A butterfly valve is a valve that adjusts flow rate by rotating a disc for about 90° with respect to the axis that is perpendicular to the flow path from the center of its body. This valve can be manufactured for low-temperature, high-temperature and high-pressure conditions because there are few restrictions on the used materials. However, the development of valves that can be used in a 600℃ environment is subject to many constraints. In this study, the butterfly valve's stability was evaluated by a fluid-structured interaction analysis, thermal-structure interaction analysis, and seismic analysis for the development of valves that can be used in high-temperature environments. When the reverse-pressure was applied to the valve in the structural analysis, the stress was low in the body and seat compared to the normal pressure. Compared with the allowable strength of the material for the parts of the valve system, the minimum safety factor was approximately 1.4, so the valve was stable. As a result of applying the design pressures of 0.5 MPa and 600℃ under the load conditions in the thermal-structural analysis, the safety factor in the valve body was about 3.4 when the normal pressure was applied and about 2.7 when the reverse pressure was applied.

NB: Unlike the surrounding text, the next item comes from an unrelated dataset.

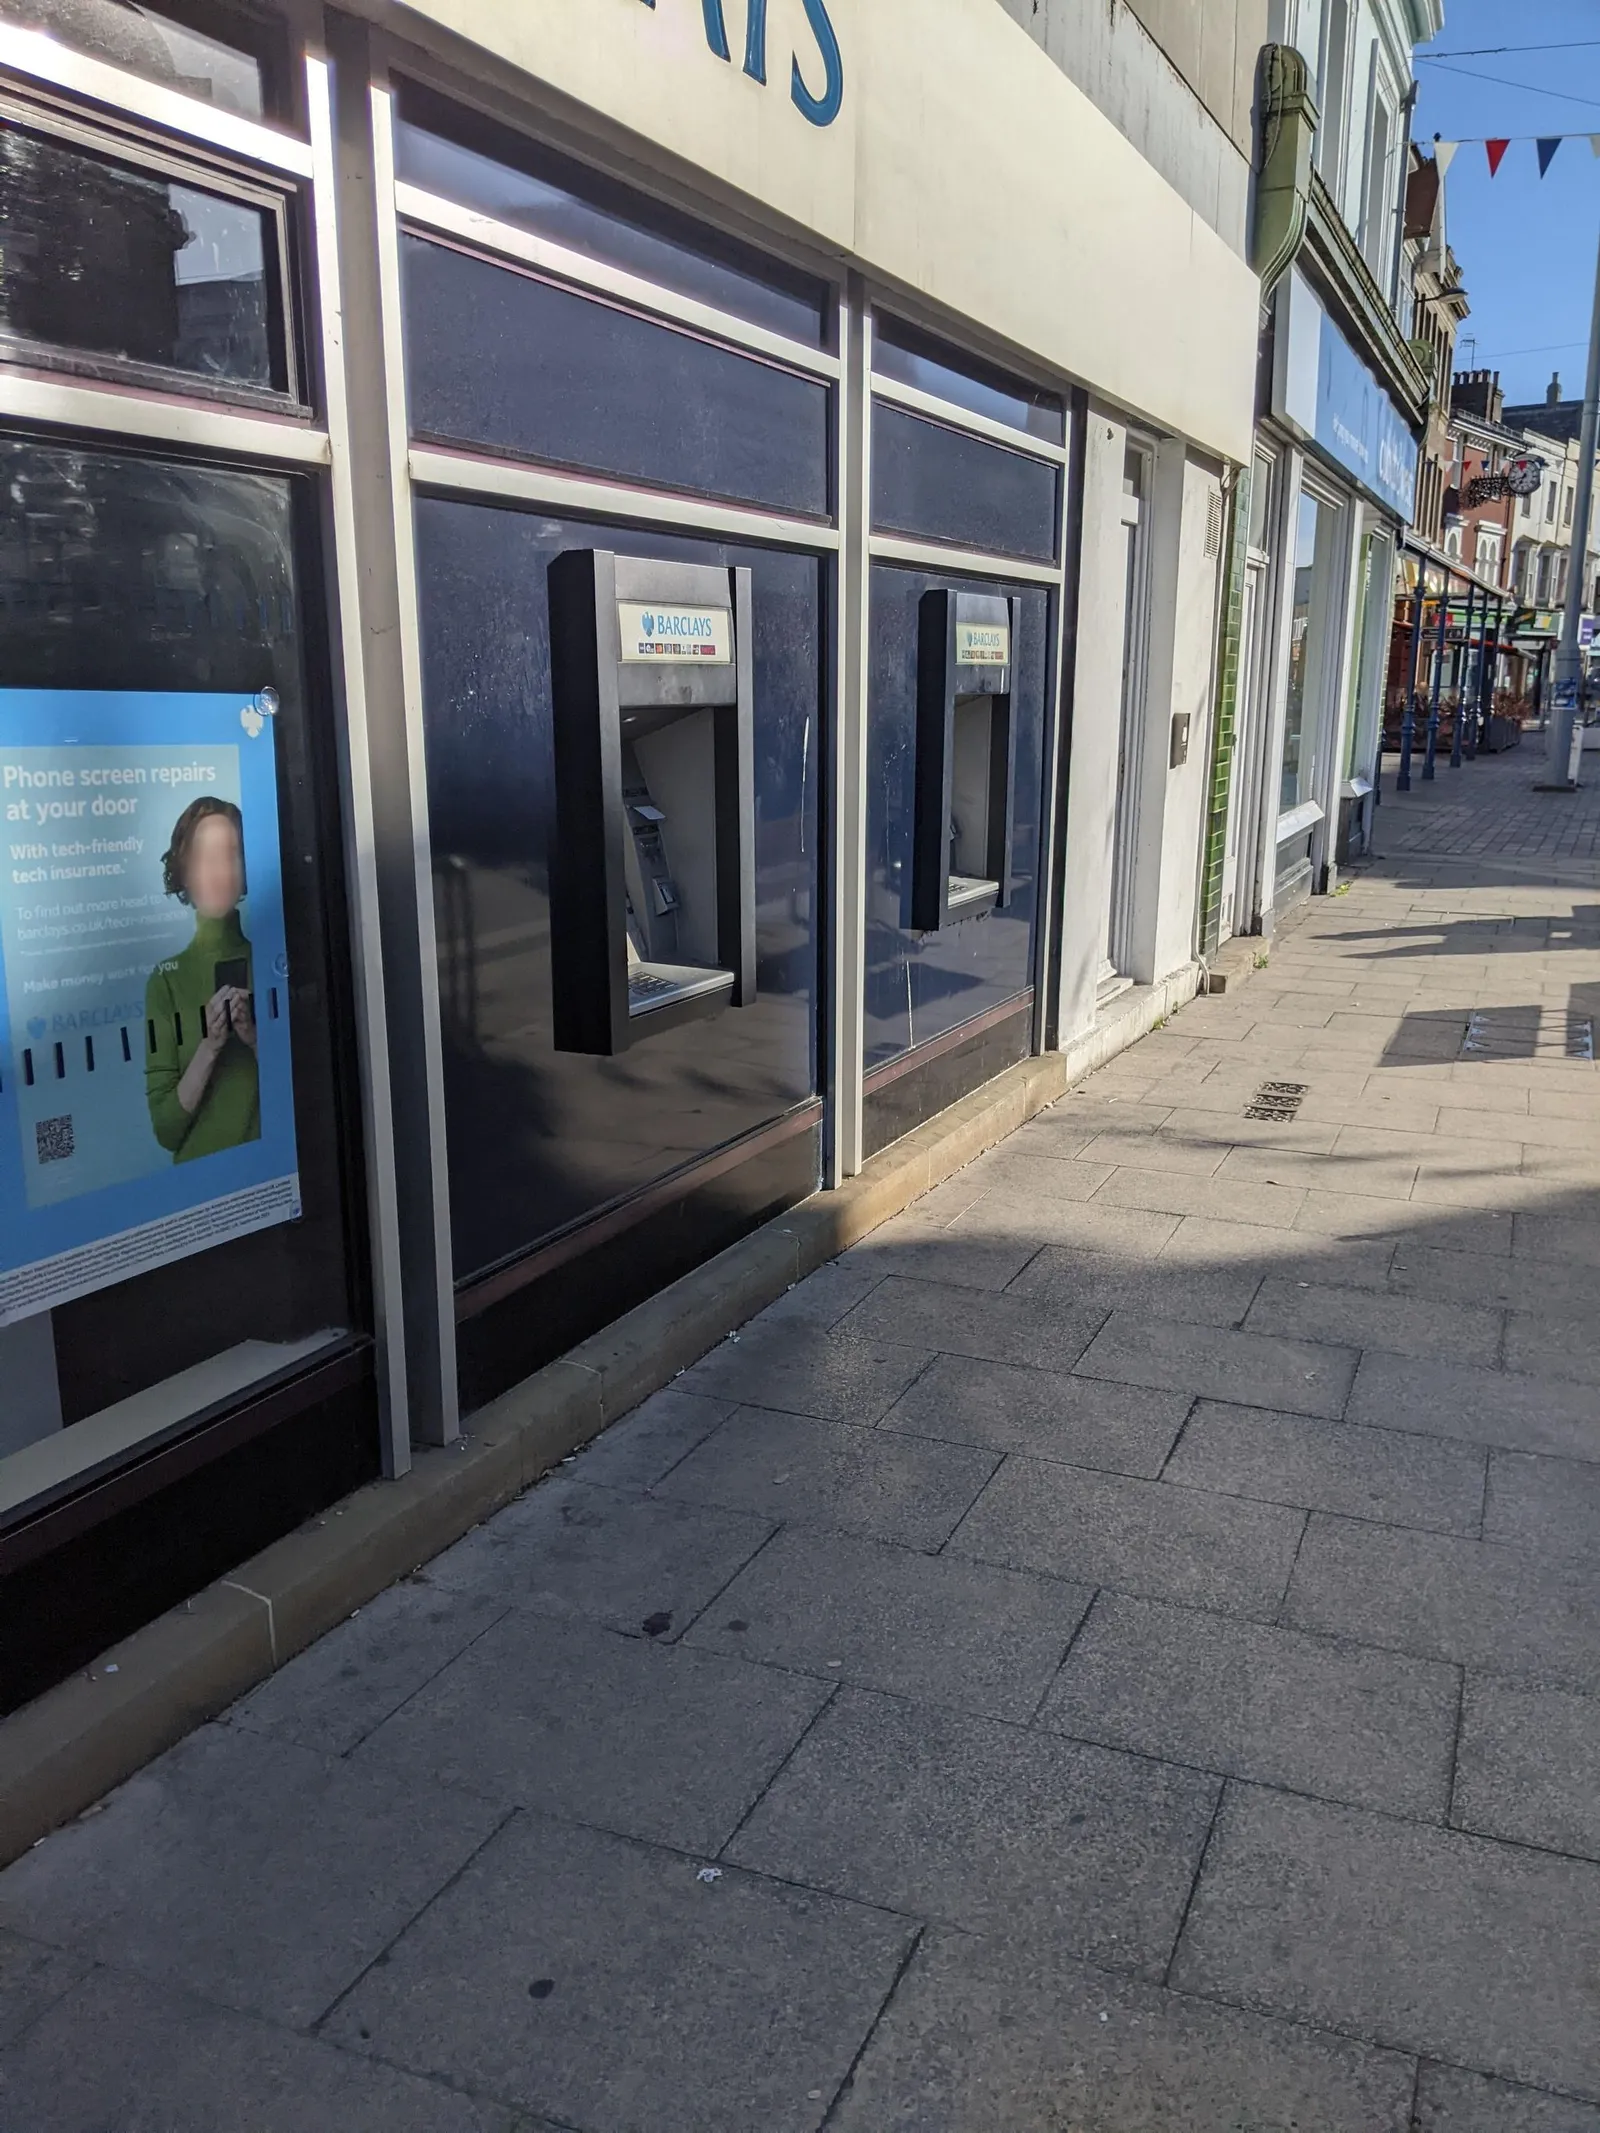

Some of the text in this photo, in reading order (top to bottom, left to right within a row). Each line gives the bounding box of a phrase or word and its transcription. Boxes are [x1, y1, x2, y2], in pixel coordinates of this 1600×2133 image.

The stability of the fluid-structure interaction analysis was determined to be stable compared to the 600℃ yield strength of the material, and about 2.2 for the 40° open-angle disc for the valve body. In seismic analysis, the maximum value of the valve's stress value was about 9% to 11% when the seismic load was applied compared to the general structural analysis. Based on the results of this study, the structural stability and design feasibility of high-temperature valves that can be used in cogeneration plants and other power plants are presented.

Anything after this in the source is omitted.